> **To do**: Start to finish, copy the data exactly.

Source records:
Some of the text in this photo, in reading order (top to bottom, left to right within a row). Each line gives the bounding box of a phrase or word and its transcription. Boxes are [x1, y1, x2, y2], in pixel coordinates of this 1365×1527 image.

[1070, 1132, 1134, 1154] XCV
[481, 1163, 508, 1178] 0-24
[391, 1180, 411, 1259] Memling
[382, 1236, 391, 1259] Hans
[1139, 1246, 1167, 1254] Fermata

> **Output below**:
Some of the text in this photo, in reading order (top to bottom, left to right within a row). Each line gives the bounding box of a phrase or word and its transcription. Boxes are [x1, y1, x2, y2], in pixel coordinates of this 1365×1527 image.

[1070, 1132, 1134, 1154] XCV
[481, 1163, 508, 1178] 0-24
[391, 1180, 411, 1259] Memling
[382, 1236, 391, 1259] Hans
[1139, 1246, 1167, 1254] Fermata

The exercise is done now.